Monday, October 5, 2009

You're my favorite...

Over the past several months, I have had quite a bit of time to just think about a lot of things. I tend to be a "thinker" anyway, but spending nearly an hour in the car each day going to and from work affords me a great opportunity to simply let my mind wander. My mind can wander while I am driving so long as my eyes don't, right? In addition to my predisposition to ponder, I majored in communication in college, which more or less means that I have become really good at observing and listening and analyzing both people's words and actions. 

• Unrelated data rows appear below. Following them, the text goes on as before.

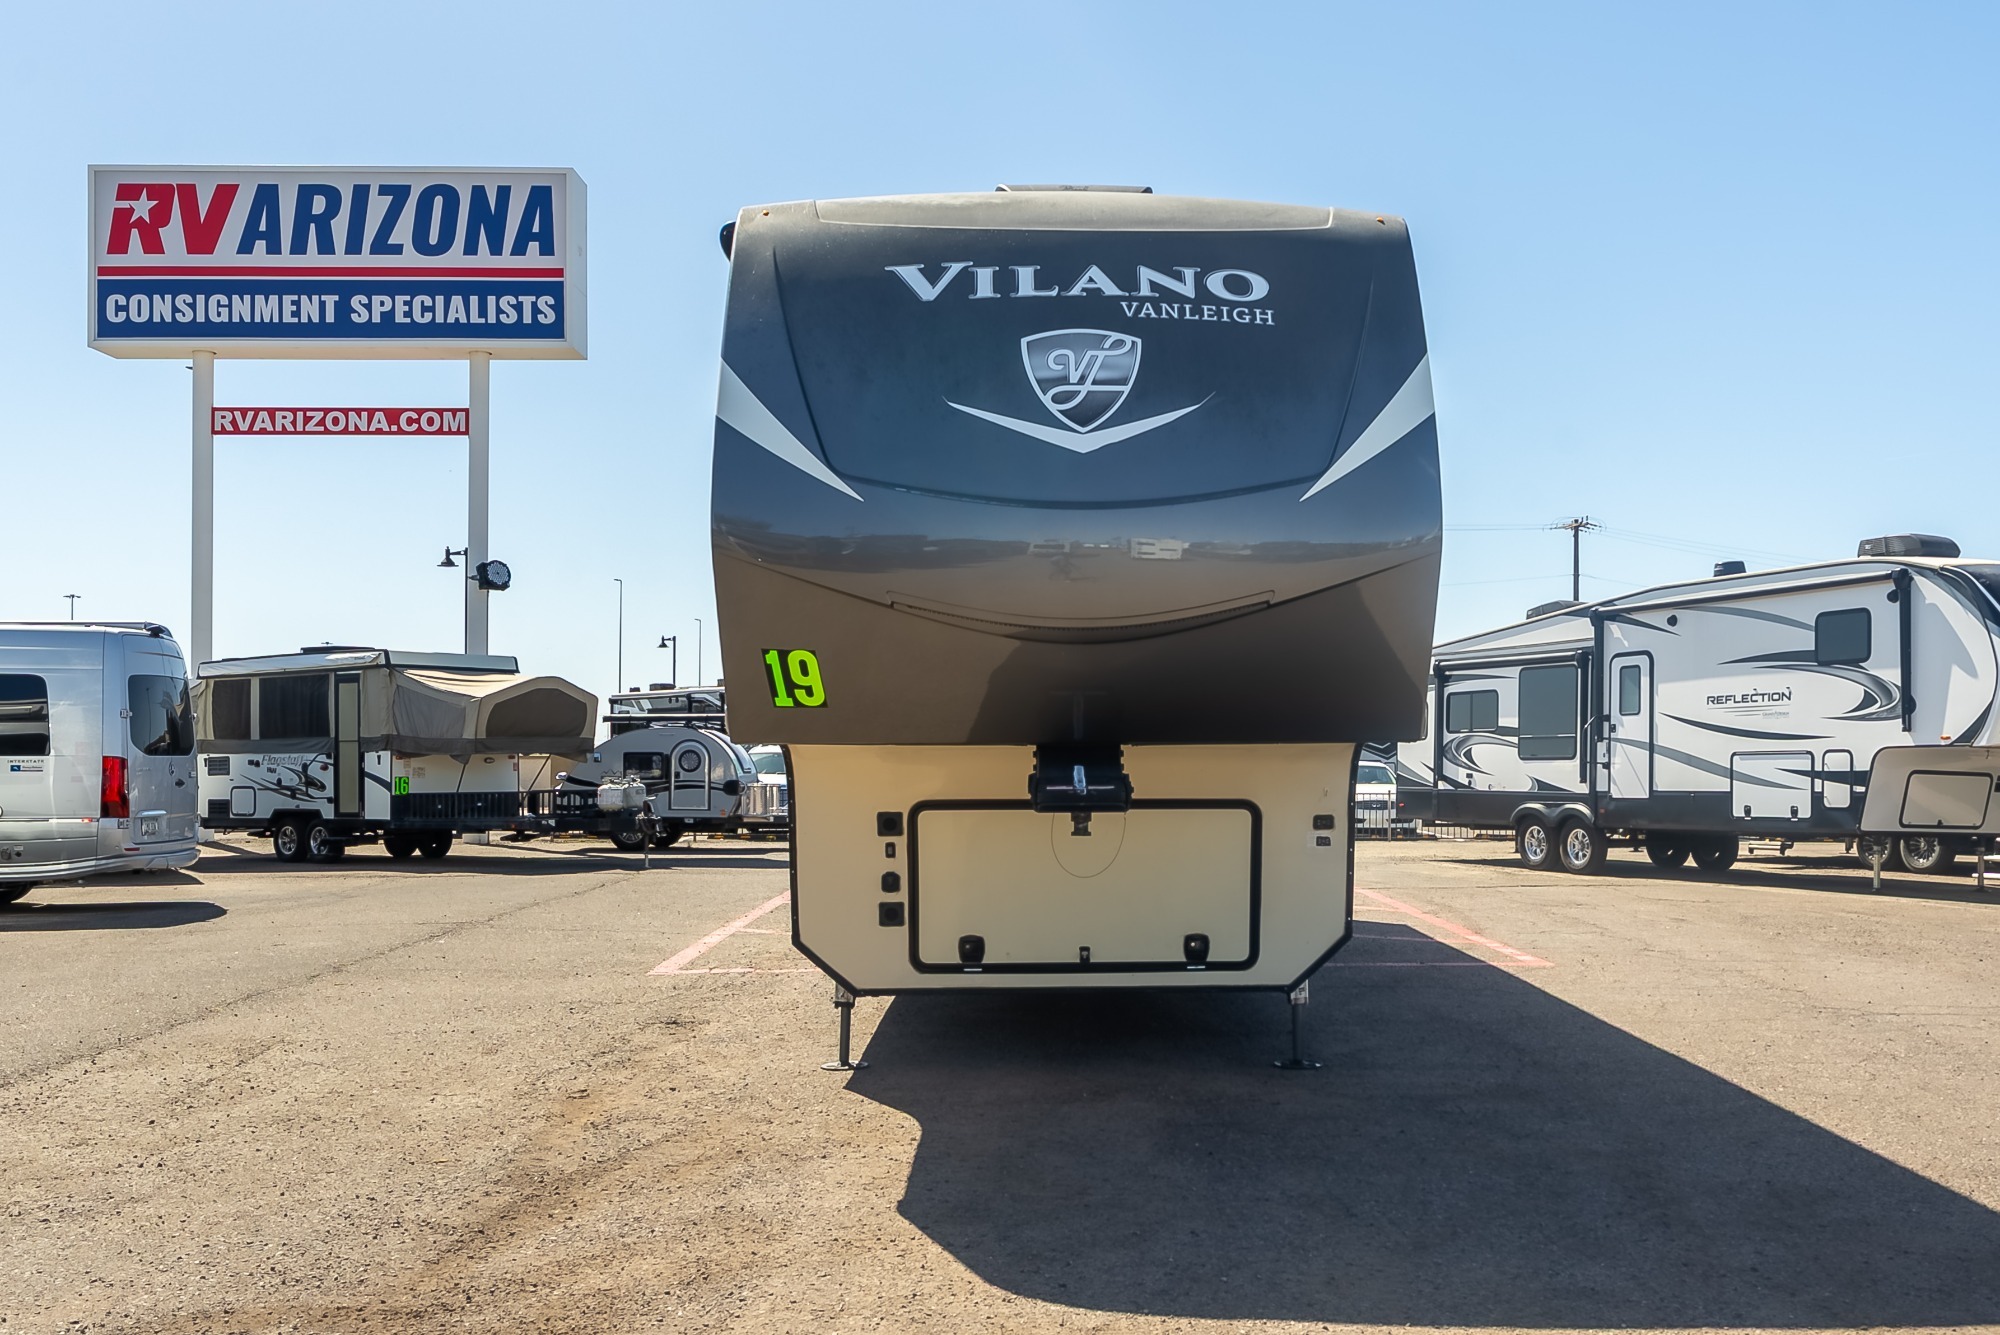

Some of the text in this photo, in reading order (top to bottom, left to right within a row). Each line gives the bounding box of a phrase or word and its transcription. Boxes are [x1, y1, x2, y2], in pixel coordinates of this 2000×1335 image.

[884, 260, 1270, 302] VILANO
[105, 293, 557, 325] CONSIGNMENT SPECIALISTS
[1119, 301, 1275, 326] VANLEIGH
[213, 410, 467, 434] RVARIZONA.COM
[764, 649, 826, 707] 19
[1706, 690, 1792, 706] REFLECTION
[261, 754, 304, 767] Flagstaff
[394, 776, 410, 795] 16
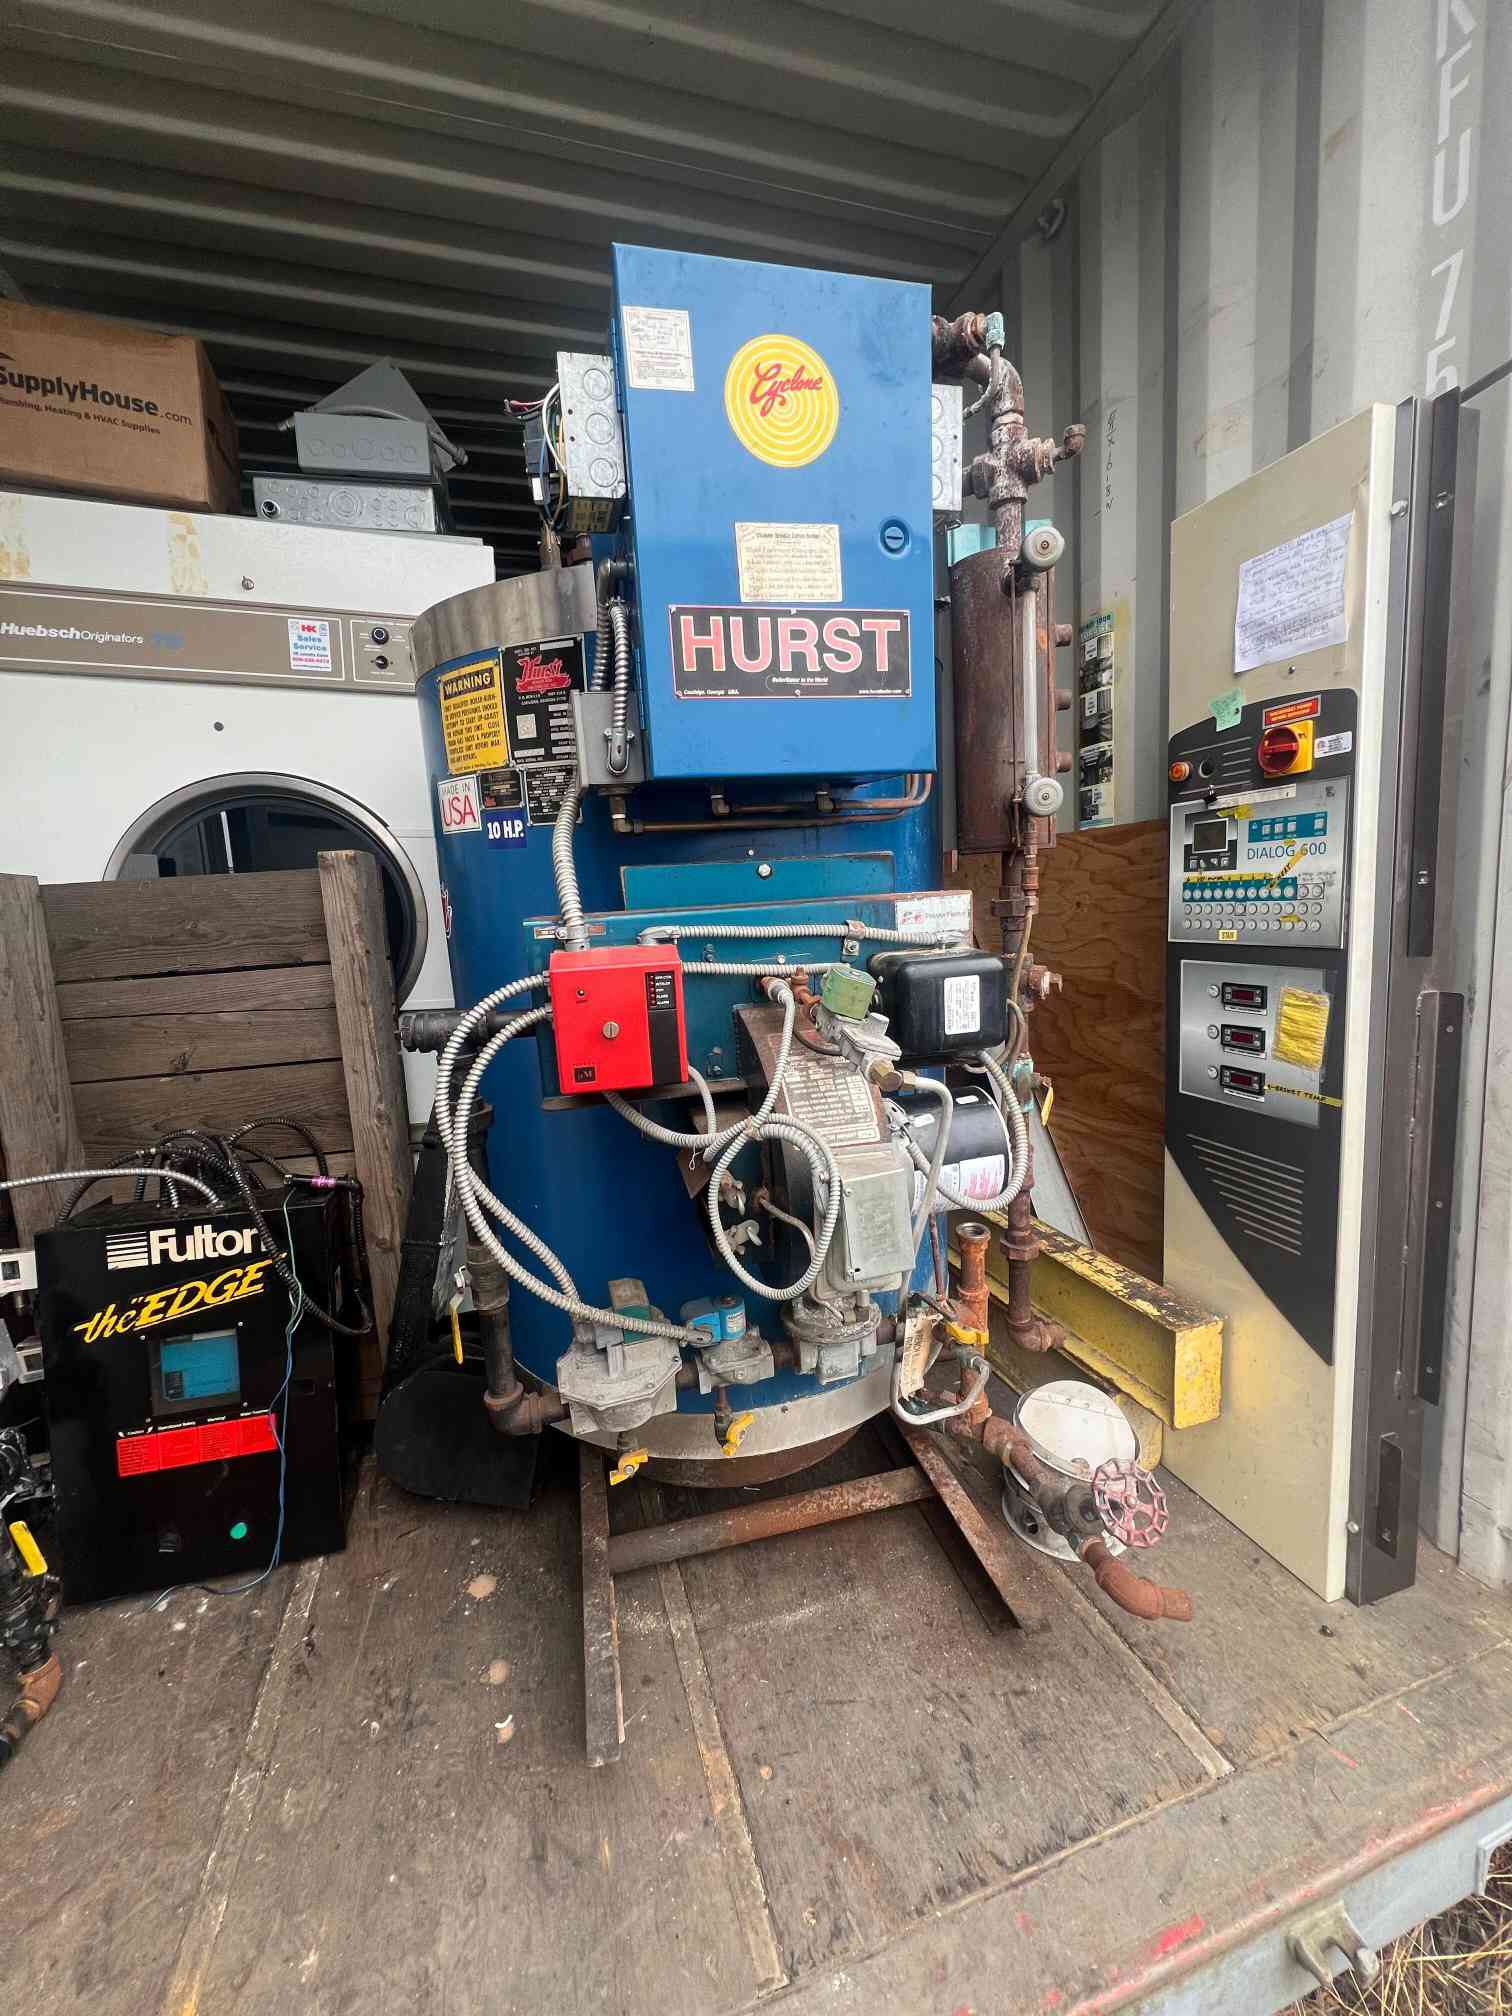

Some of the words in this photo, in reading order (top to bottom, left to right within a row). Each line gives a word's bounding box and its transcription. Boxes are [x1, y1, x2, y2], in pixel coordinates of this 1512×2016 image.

[750, 362, 823, 417] Cyclone
[84, 412, 91, 420] &
[93, 414, 119, 426] HVAC
[297, 635, 322, 643] Sales
[301, 624, 317, 633] HK
[293, 642, 327, 652] Service
[680, 615, 901, 673] HURST
[516, 655, 568, 682] Hurst
[445, 673, 491, 696] WARNING
[442, 784, 459, 796] MADE
[460, 782, 471, 793] IN
[442, 795, 477, 827] USA
[487, 821, 501, 840] 10
[503, 819, 525, 839] H.P.
[1247, 845, 1296, 860] DIALOG
[1300, 842, 1327, 856] 600
[74, 1303, 139, 1344] the
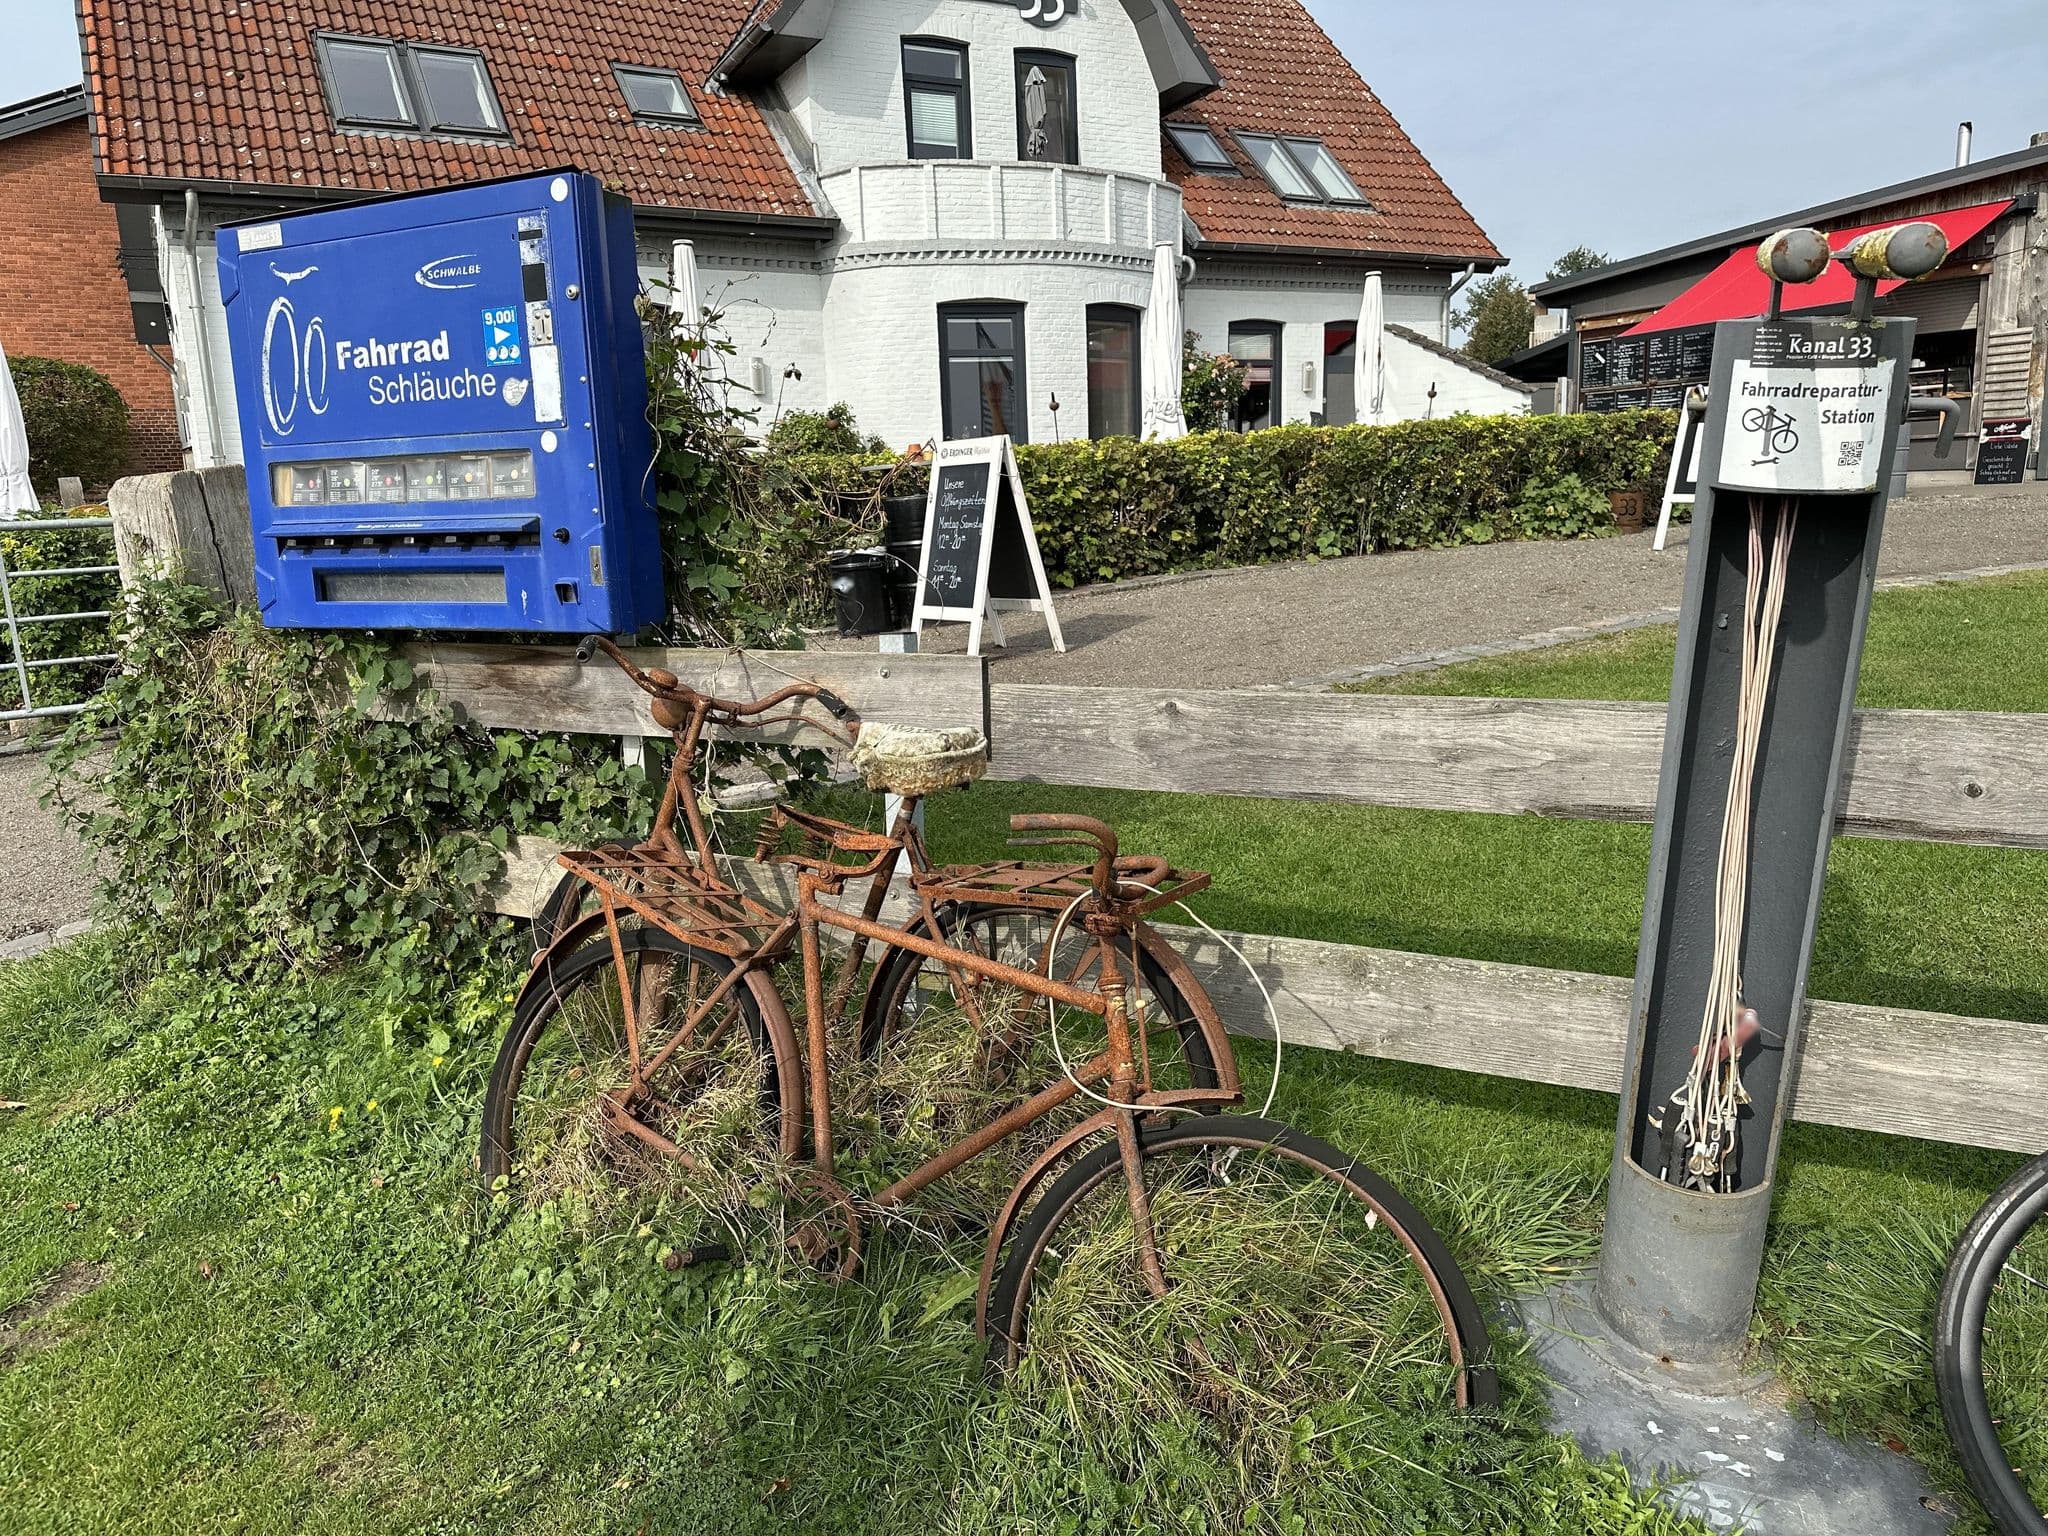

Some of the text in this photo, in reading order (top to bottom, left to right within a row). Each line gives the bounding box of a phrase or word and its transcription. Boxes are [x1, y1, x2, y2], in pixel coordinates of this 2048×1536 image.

So, what's my point in stating this? My point is this--I have been pained to see the judgment of people both in others and in myself. I will admit it. As much as I hate it, I make assumptions about people based upon their appearances. In Romans 7:19 Paul says, "For the good that I will to do, I do not do; but the evil I will not to do, that I practice." This is exactly how I feel. And, I know God is working in me because I am learning more and more to look at others as He does and to have compassion and love for them regardless of who they are, what they look like, or what they are doing. It has really bothered me, though, how much I see Christians make judgments of others that are not theirs to make. I have taken to telling myself that it is God's place to judge, not mine. With that in mind, I know that it is my responsibility to think the best of others in every situation regardless of past (or present) behavior. A couple of months ago, I was reading through the book of James, which I have read numerous times before. However, during this particular reading I was stopped in my tracks by a passage I know I had read before. It was highlighted. It was underlined. Yet, I was almost sure I had never really read it before.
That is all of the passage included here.